## PROBLEM TO SOLVE
All entries must be given again exactly as written.

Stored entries
-- -- --
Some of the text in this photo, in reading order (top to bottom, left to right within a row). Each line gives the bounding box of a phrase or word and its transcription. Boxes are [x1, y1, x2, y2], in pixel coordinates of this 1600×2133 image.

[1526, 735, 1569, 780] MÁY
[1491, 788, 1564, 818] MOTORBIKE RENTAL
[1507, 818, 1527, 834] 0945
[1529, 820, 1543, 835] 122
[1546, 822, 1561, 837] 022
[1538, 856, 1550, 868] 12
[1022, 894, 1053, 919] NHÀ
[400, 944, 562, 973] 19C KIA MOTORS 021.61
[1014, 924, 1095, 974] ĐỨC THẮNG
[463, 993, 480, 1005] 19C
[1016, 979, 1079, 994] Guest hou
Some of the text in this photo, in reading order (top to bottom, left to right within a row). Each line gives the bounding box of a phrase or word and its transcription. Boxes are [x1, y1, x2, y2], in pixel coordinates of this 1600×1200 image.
-- -- --
## ANSWER FOR THIS EXERCISE
Some of the text in this photo, in reading order (top to bottom, left to right within a row). Each line gives the bounding box of a phrase or word and its transcription. Boxes are [x1, y1, x2, y2], in pixel coordinates of this 1600×2133 image.

[1526, 735, 1569, 780] MÁY
[1491, 788, 1564, 818] MOTORBIKE RENTAL
[1507, 818, 1527, 834] 0945
[1529, 820, 1543, 835] 122
[1546, 822, 1561, 837] 022
[1538, 856, 1550, 868] 12
[1022, 894, 1053, 919] NHÀ
[400, 944, 562, 973] 19C KIA MOTORS 021.61
[1014, 924, 1095, 974] ĐỨC THẮNG
[463, 993, 480, 1005] 19C
[1016, 979, 1079, 994] Guest hou
Some of the text in this photo, in reading order (top to bottom, left to right within a row). Each line gives the bounding box of a phrase or word and its transcription. Boxes are [x1, y1, x2, y2], in pixel coordinates of this 1600×1200 image.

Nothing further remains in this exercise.